The entries are to be printed again word for word, but no picture may appear.

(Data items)
══════════

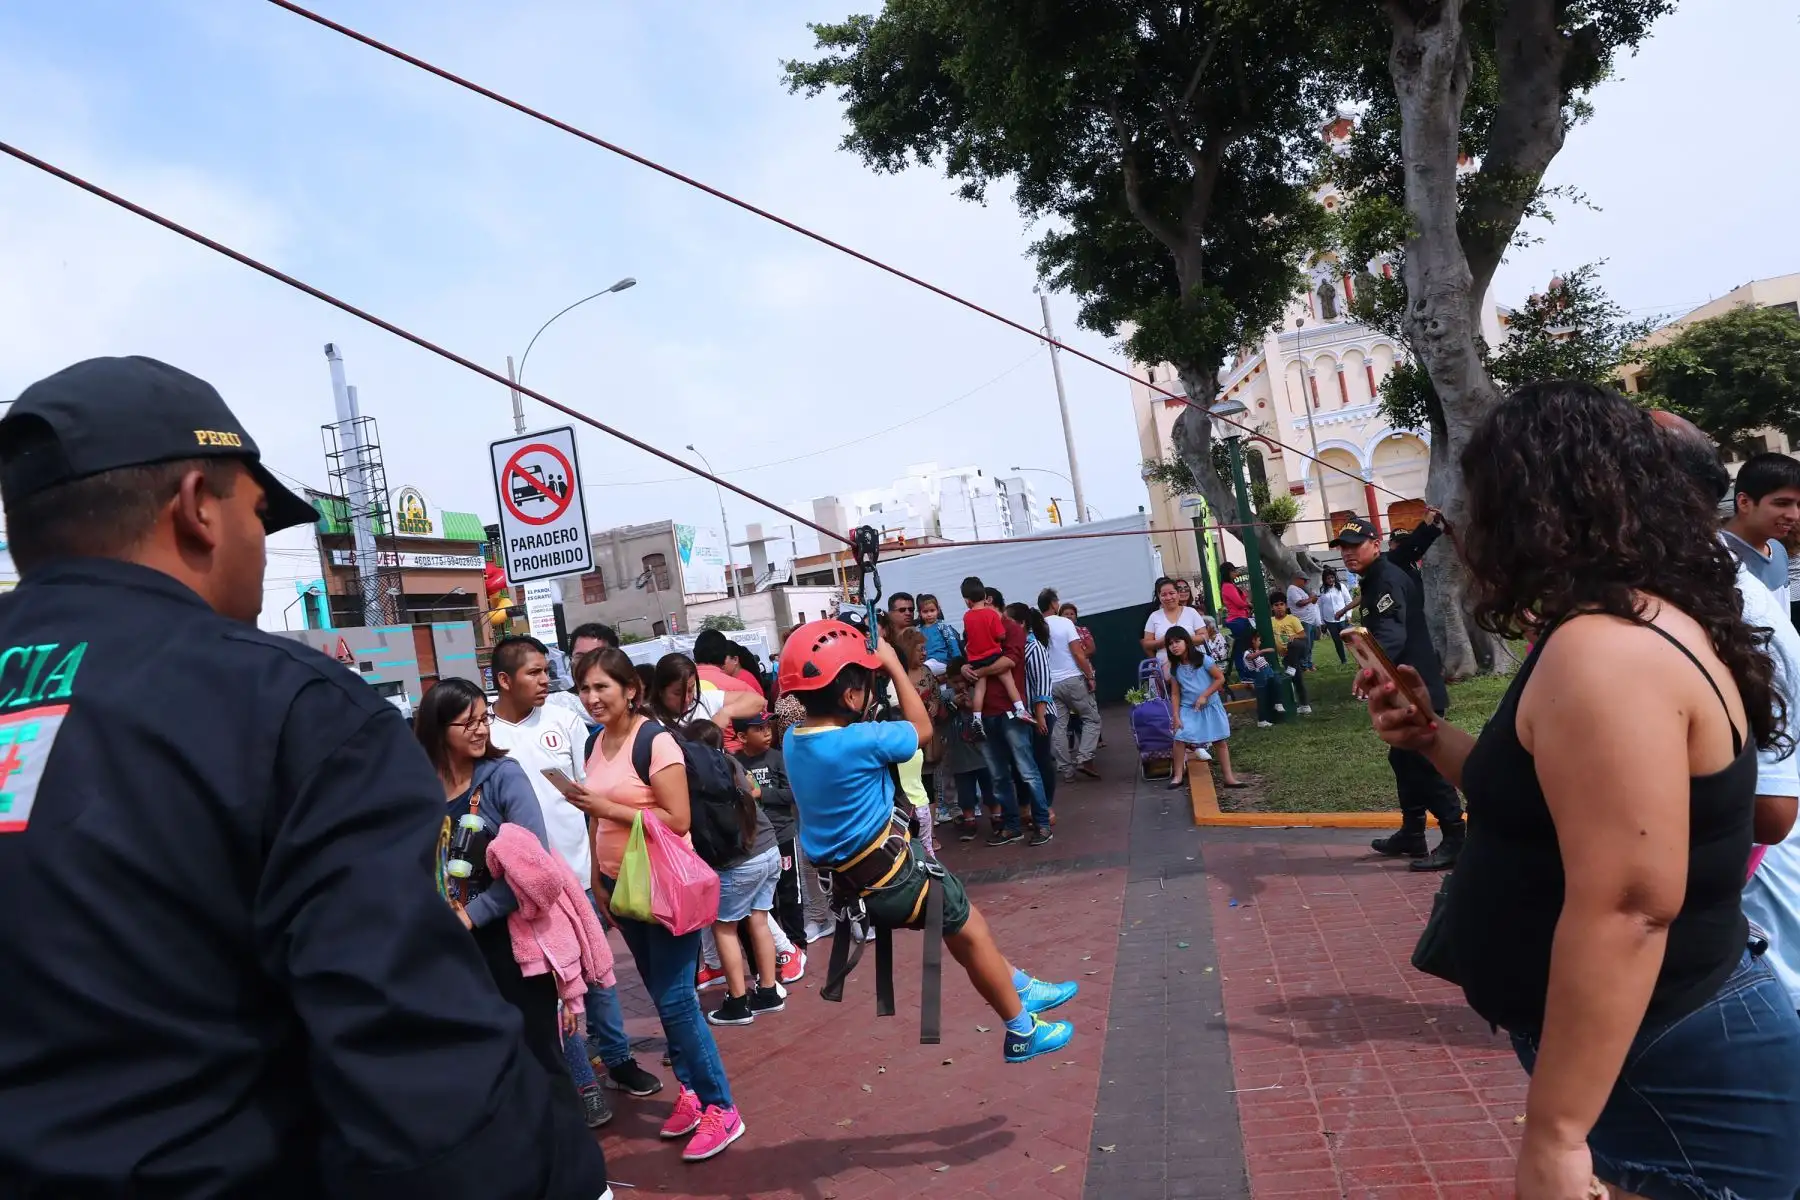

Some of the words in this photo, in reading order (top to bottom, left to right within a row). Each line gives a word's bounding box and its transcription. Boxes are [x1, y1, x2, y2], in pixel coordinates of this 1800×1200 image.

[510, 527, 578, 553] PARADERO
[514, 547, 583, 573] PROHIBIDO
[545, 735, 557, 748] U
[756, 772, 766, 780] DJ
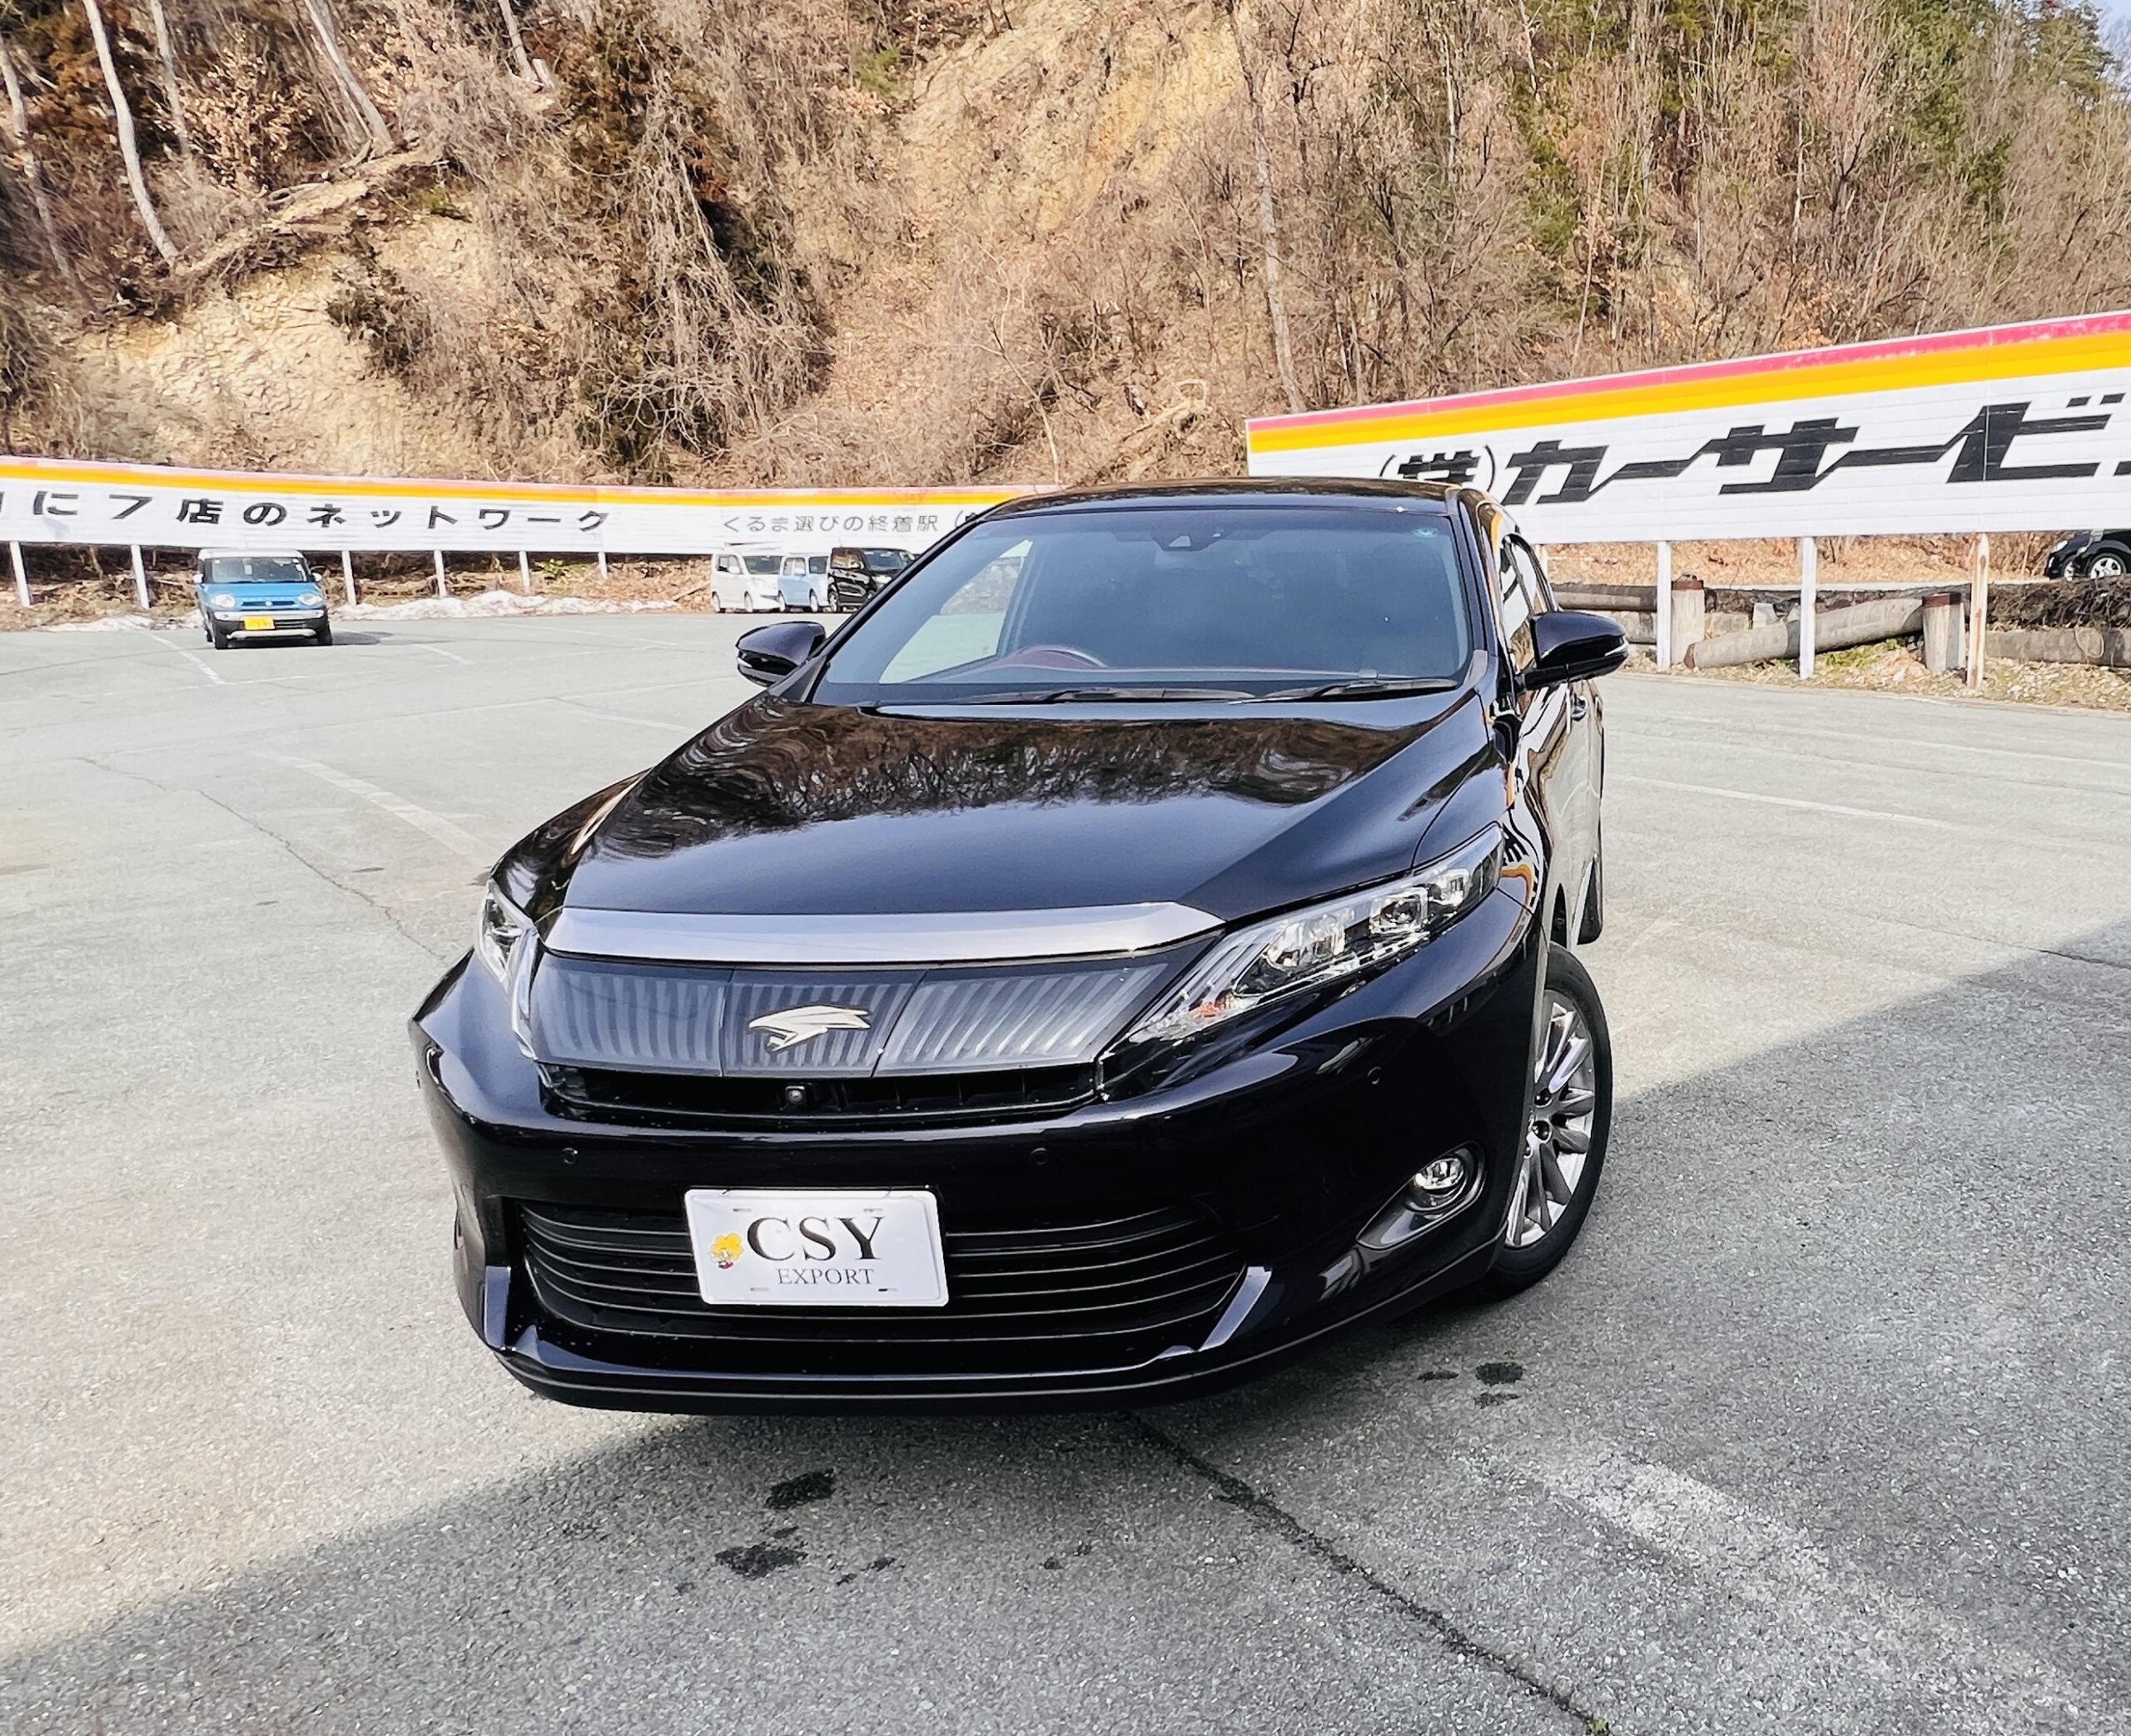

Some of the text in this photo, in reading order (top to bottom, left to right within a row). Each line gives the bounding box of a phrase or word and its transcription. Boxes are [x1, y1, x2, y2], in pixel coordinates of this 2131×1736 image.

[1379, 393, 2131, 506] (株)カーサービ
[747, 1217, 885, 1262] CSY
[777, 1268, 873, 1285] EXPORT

══════════

* Written response *
Some of the words in this photo, in reading order (top to bottom, left to right within a row). Each line gives a word's bounding box and its transcription. Boxes are [x1, y1, x2, y2], in pixel coordinates of this 1800×1200 image.

[510, 527, 578, 553] PARADERO
[514, 547, 583, 573] PROHIBIDO
[545, 735, 557, 748] U
[756, 772, 766, 780] DJ

Some of the text in this photo, in reading order (top to bottom, left to right within a row). Each line gives the bounding box of a phrase or word and its transcription. Boxes are [x1, y1, x2, y2], in pixel coordinates of this 2131×1736 image.

[1379, 393, 2131, 506] (株)カーサービ
[747, 1217, 885, 1262] CSY
[777, 1268, 873, 1285] EXPORT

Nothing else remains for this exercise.